**What is expected:** Leave out the pictures and repeat the entries below verbatim.

**Given data:**
#####

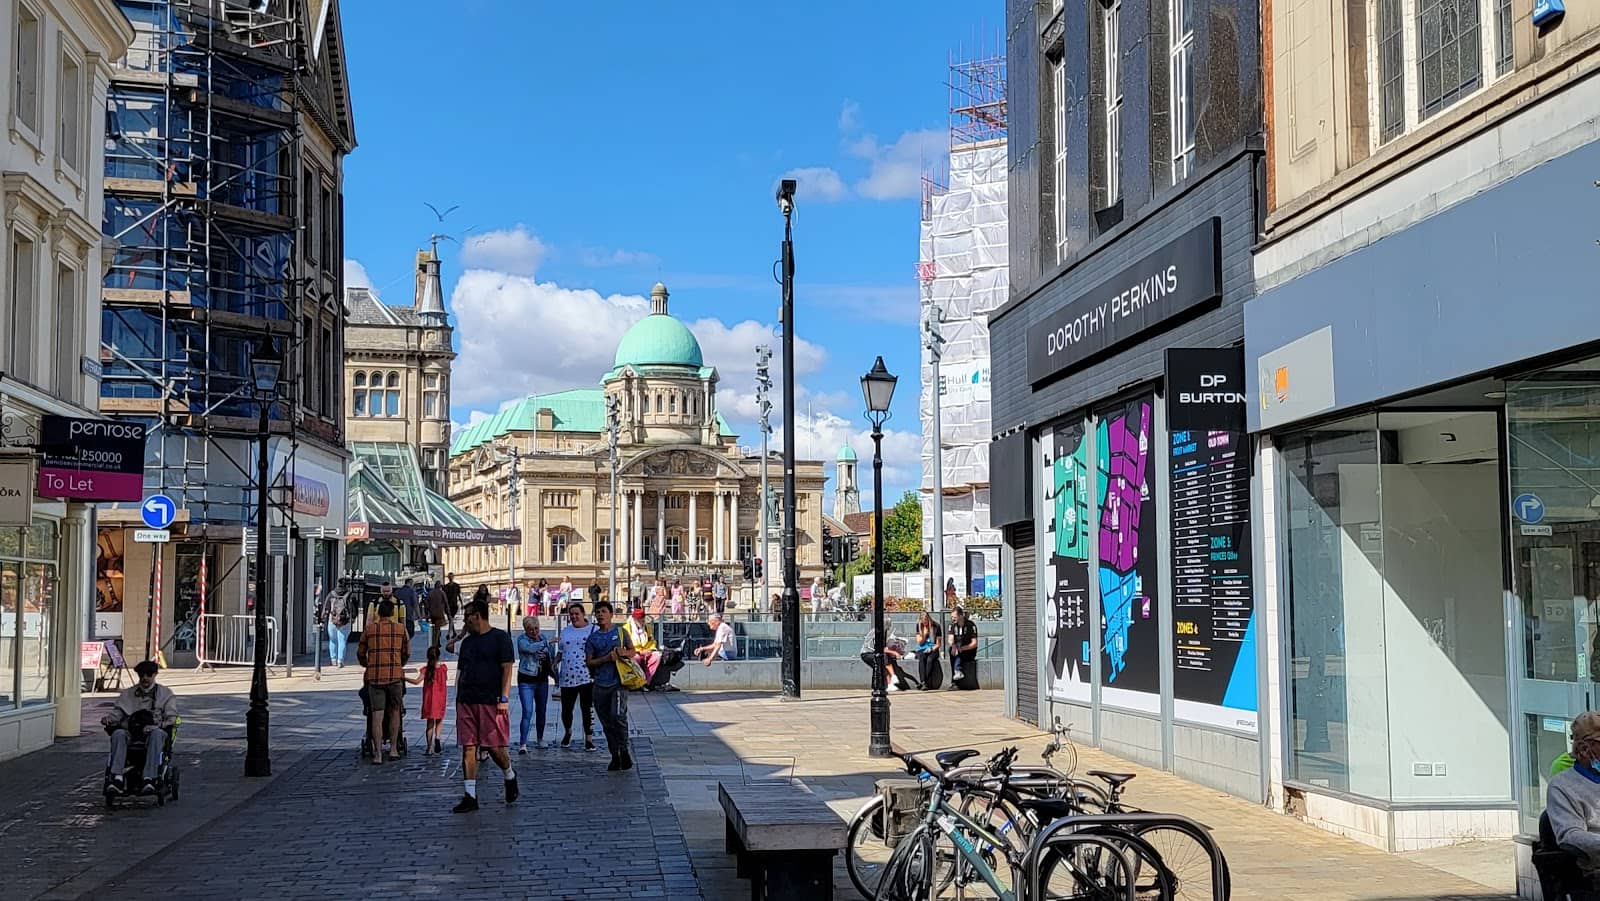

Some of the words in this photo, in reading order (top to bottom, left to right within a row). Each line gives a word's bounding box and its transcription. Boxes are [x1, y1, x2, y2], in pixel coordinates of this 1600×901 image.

[1048, 302, 1108, 356] DOROTHY
[1111, 265, 1178, 323] PERKINS
[1200, 375, 1226, 387] DP
[1179, 393, 1247, 404] BURTON
[70, 421, 143, 440] penrose
[45, 474, 64, 490] To
[69, 475, 94, 491] Let
[1210, 536, 1226, 549] ZONE
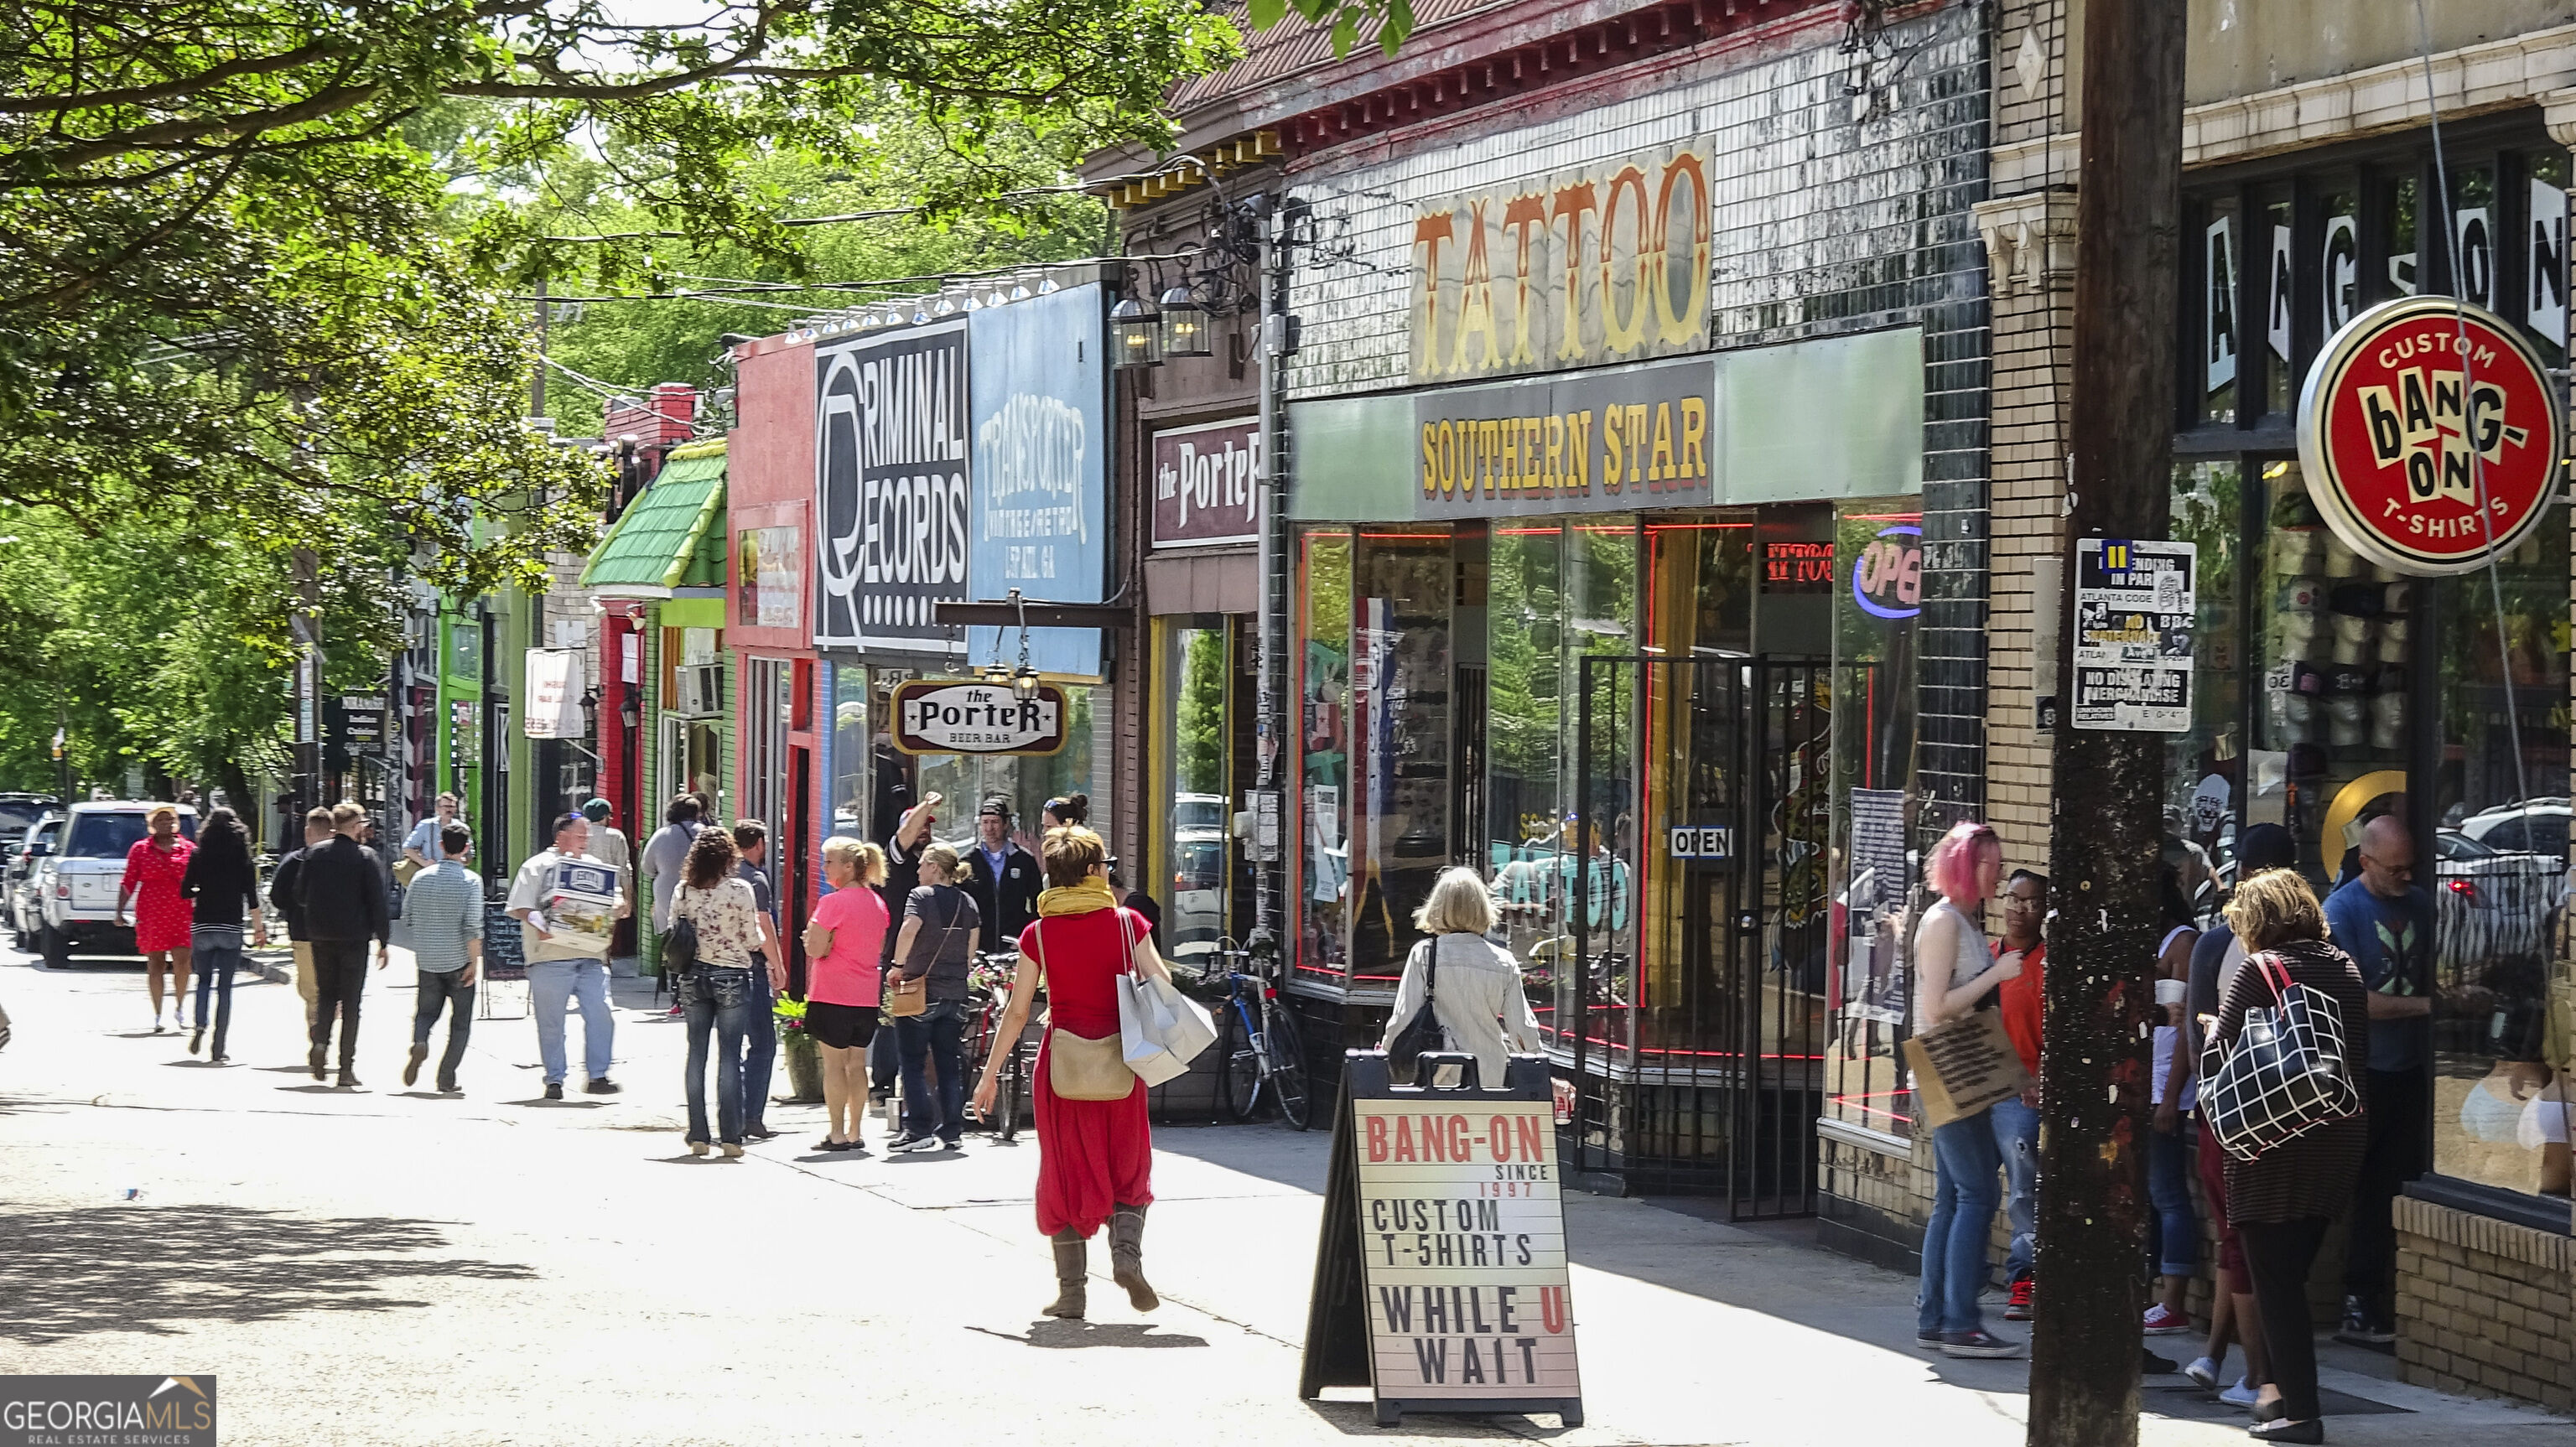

#####

**Exercise output:**
Some of the words in this photo, in reading order (top to bottom, left to right within a row). Each line gives a word's bounding box and its transcription. Boxes are [x1, y1, x2, y2], in pixel coordinates of this 1600×901 image.

[1048, 302, 1108, 356] DOROTHY
[1111, 265, 1178, 323] PERKINS
[1200, 375, 1226, 387] DP
[1179, 393, 1247, 404] BURTON
[70, 421, 143, 440] penrose
[45, 474, 64, 490] To
[69, 475, 94, 491] Let
[1210, 536, 1226, 549] ZONE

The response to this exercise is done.